◆ TASK BRIEF:
Set down the data below exactly; pictures stay out.

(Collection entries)
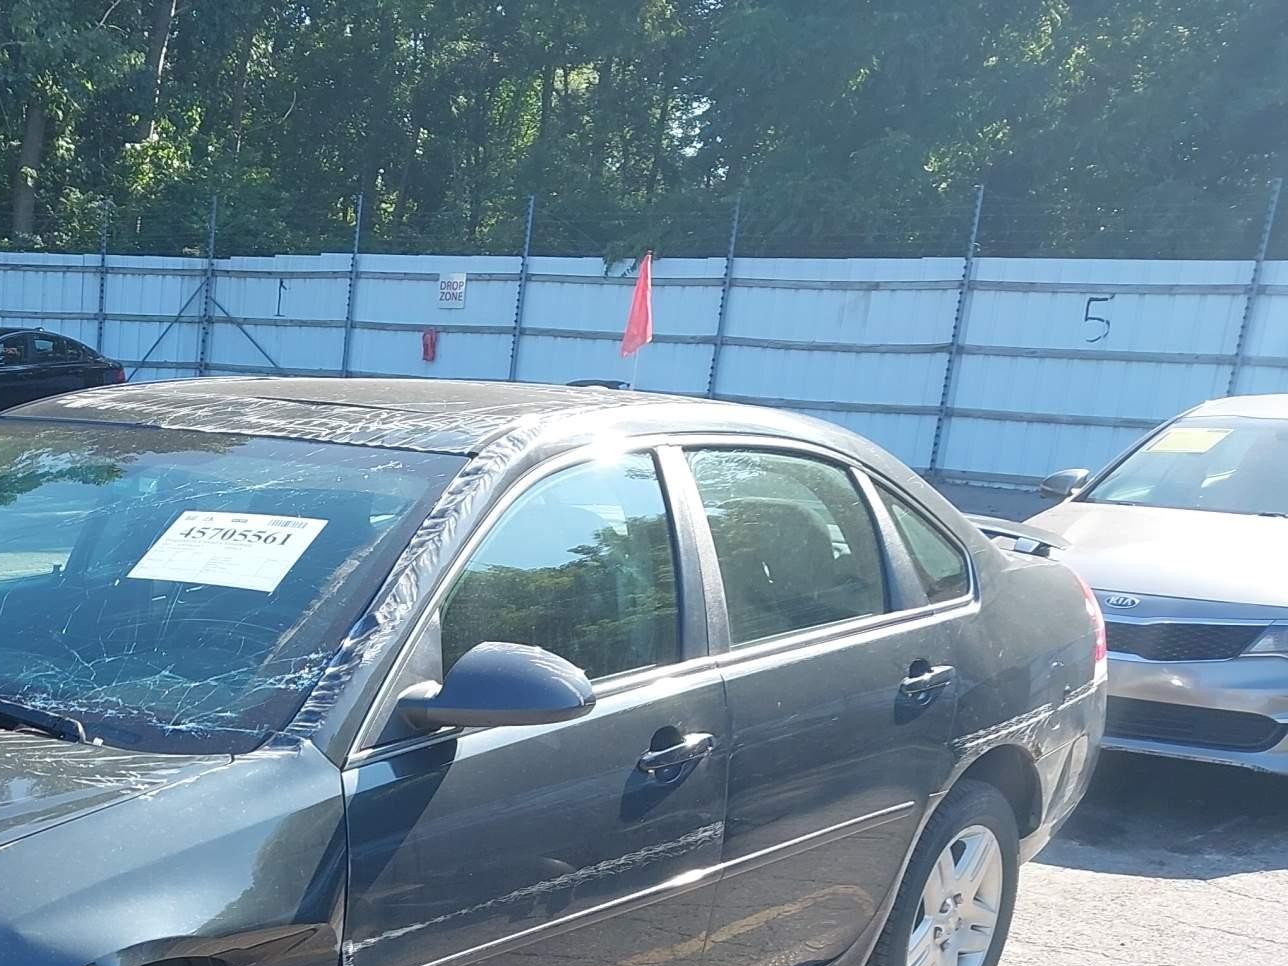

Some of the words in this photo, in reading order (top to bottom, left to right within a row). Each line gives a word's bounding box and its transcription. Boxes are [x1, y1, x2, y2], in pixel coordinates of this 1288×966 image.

[439, 280, 464, 291] DROP
[439, 291, 463, 302] ZONE
[1084, 293, 1116, 343] 5
[179, 526, 293, 546] 45705561
[1109, 596, 1132, 606] KIA
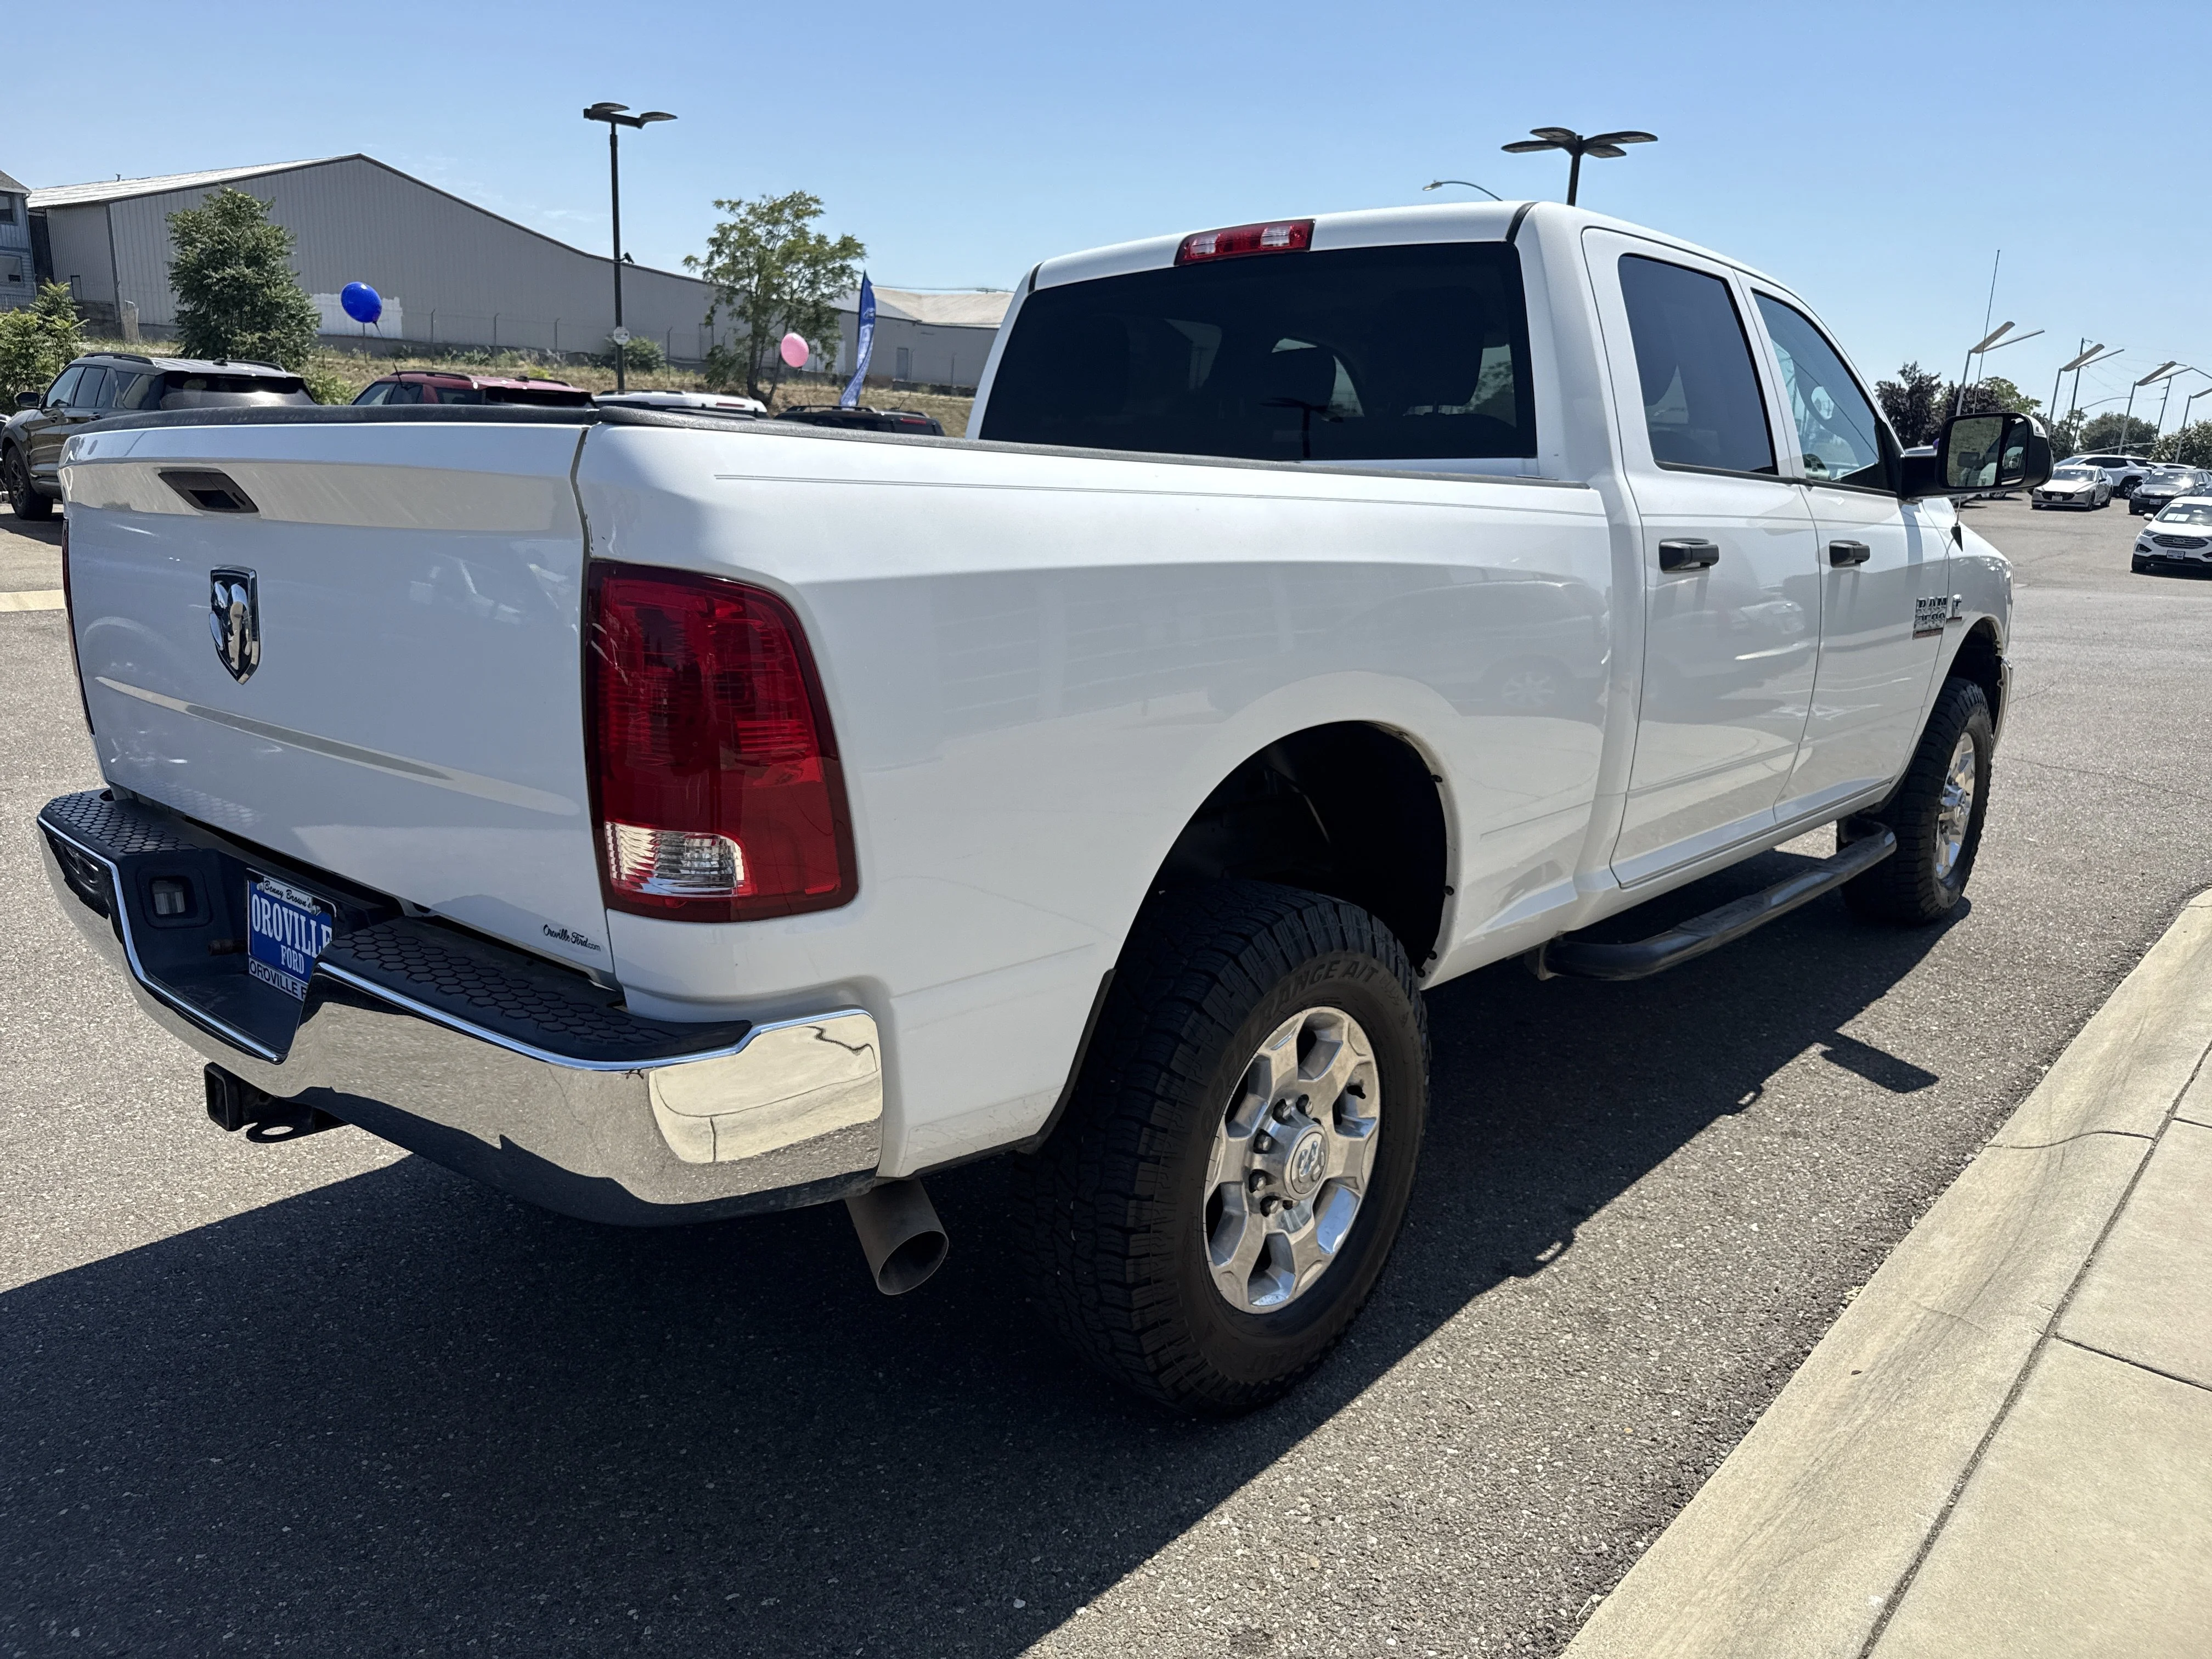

◆ RESULT FOR THIS TASK:
Some of the words in this photo, in reading order (top to bottom, left to right within a row). Each line gives a word's bounding box and its transcription. Boxes are [x1, y1, x2, y2], in pixel coordinates of this 1288×966 image.

[439, 280, 464, 291] DROP
[439, 291, 463, 302] ZONE
[1084, 293, 1116, 343] 5
[179, 526, 293, 546] 45705561
[1109, 596, 1132, 606] KIA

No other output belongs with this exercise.